Why tech starts ups need to get to grips with Intellectual Property
Intellectual Property – every business has it but some of us don’t know what it is or how we can protect it. Here, Nikki talks to Ian Sterritt from the Intellectual Property Officeabout why tech companies need to take their IP seriously.
What do we actually mean when we talk about Intellectual Property?
The main misconception about IP is that it’s all about patents. In reality, physical inventions are only one element of IP that you can protect. Essentially, Intellectual Property is anything that has been created from intellectual thought. That covers off practically every business that has ever existed!
Apart from patents then, what else do companies need to protect?
To help get your head around it, you can break IP down into 5 key areas:
- Patents – these are designed to protect your invention. They are only granted to inventions that no-one has ever thought of or built before.
- Registered designs – these protect the visual appearance of a product, for example a unique dress design.
- Trade Marks – these help companies to protect their identity, name, branding etc. (essentially, we’re all operating under un-registered Trade Marks until we officially register them). After all, this is what you’re building your reputation around and it can be a nightmare if you’ve grown a successful business only to have someone else trading under a similar name or identity. It’s such a painless process I don’t understand why people don’t register their Trade Marks sooner.
- Copyright – this covers anything that an individual or company creates. It can incorporate words (e.g. text for websites), images, photos and training manuals, but importantly for the tech industry, code. If that code is written by an individual independent developer, the copyright would automatically lie with that person until and unless it was stipulated within the commercial contract that copyright is assigned to the client company.
- Trade secrets / know-how – these aren’t covered by the IPO but there are other ways of protecting yourself. Think of trade secrets such as Coca Cola’s secret recipe. Their way of protecting this is not to tell anyone! Equally you can make sure you have good NDAs in place – something all tech start-ups need to do.
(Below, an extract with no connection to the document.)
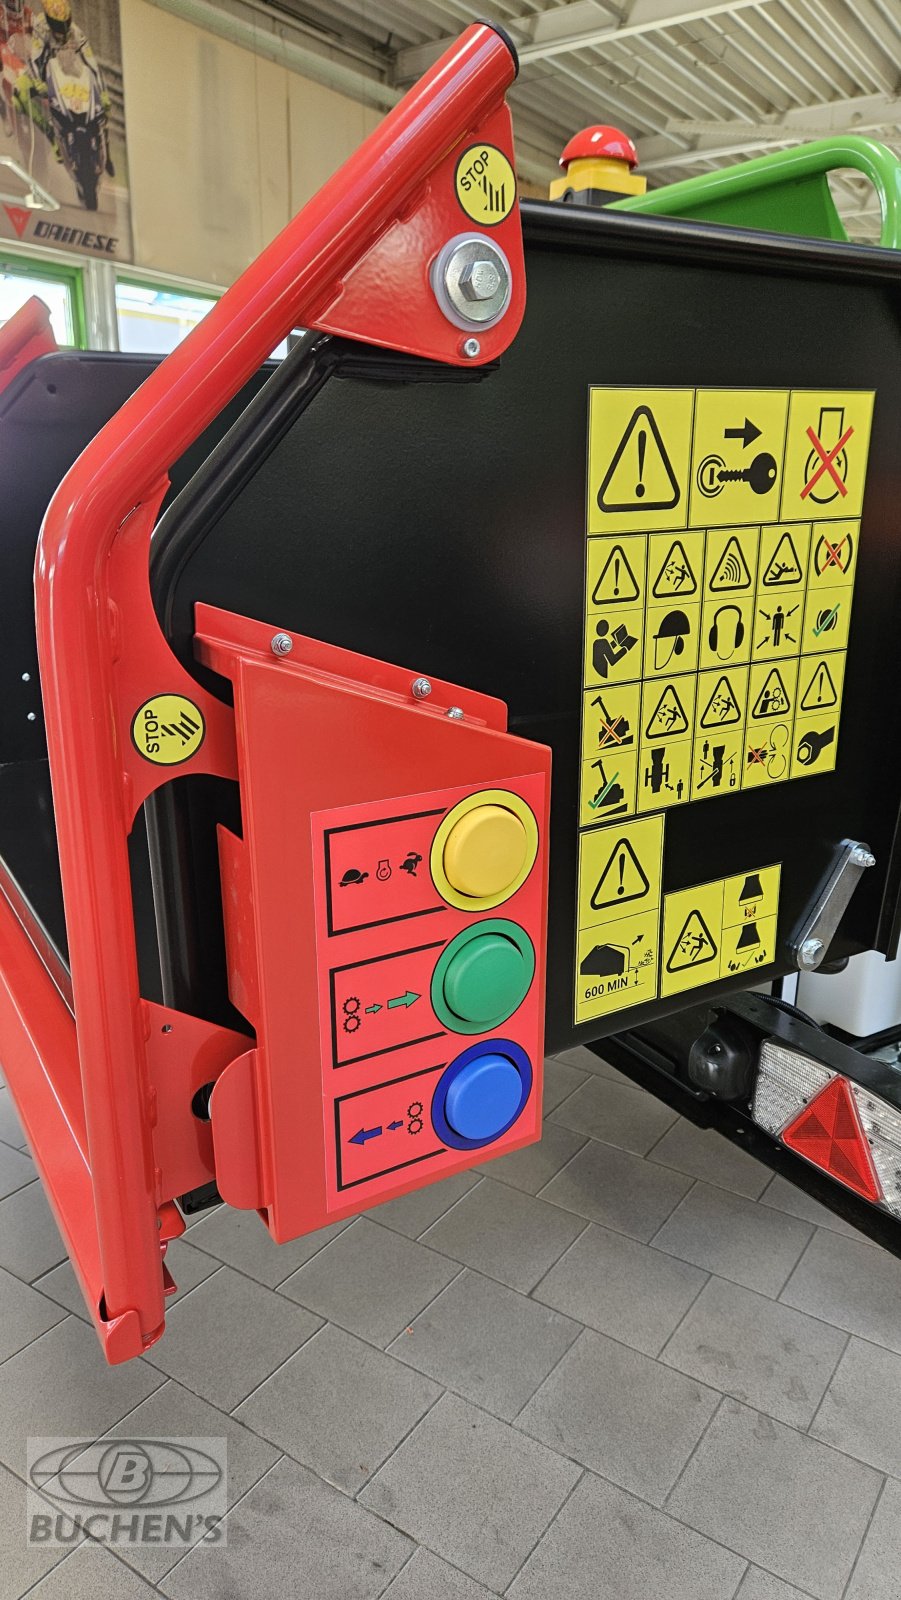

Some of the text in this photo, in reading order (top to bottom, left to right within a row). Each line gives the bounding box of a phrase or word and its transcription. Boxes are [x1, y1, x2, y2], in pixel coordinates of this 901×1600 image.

[460, 151, 490, 191] STOP
[145, 709, 160, 753] STOP
[585, 976, 628, 999] 600 MIN
Know-how is essentially having the experience of knowing how to do something. It’s crucial when hiring in expertise and putting together employment contracts and Ts and Cs.
So how can tech companies, in particular, protect themselves?
Software companies need to recognise the value of what they’re creating. For most, it will be their products, which will start with code. It’s hard to patent software but you can copyright it because, essentially, that code is written down.
By simply putting a © and a date next to it you’re identifying yourself as the originator of that code. OK, it’s not going to put everyone off trying to copy you, but it can certainly act as a deterrent. And if you don’t do this, how can you prove that you got there first?
Is protecting your IP all about mitigating risk, or are there other benefits to it?
There is huge value associated with protecting your IP but the truth is that far too few tech companies realise this. It’s our job at the Intellectual Property Office to help companies understand where the value lies in their organisations and how they can protect themselves and make informed choices.
For a tech start-up it’s really important – essentially they’re creating new value from Day One and those early days of innovation are the most important.
But the time when some companies recognise that they need to have protected IP is when they’re looking to sell. Suddenly you’re faced with a potential acquirer who’s questioning what it is that they’re actually buying.
Rather than scrambling around as part of due diligence it makes much more sense to have everything in place from the start-up phase. That way you also minimise the risk when your business can be most vulnerable.
We’re now starting to see IP due diligence play a much bigger part in the acquisition process. Buyers want to know what value your Intellectual Property assets have. In fact, if you look at UK PLC as a whole, the most recent statistics show that we invest more in intangible assets than in tangible assets (£133 billion to £120 billion).
Collectively speaking our intangible assets – in which much Intellectual Property often sits – is hugely valuable. By protecting this you’re making yourself more valuable and attractive to the wider market and mitigating risk at the same time.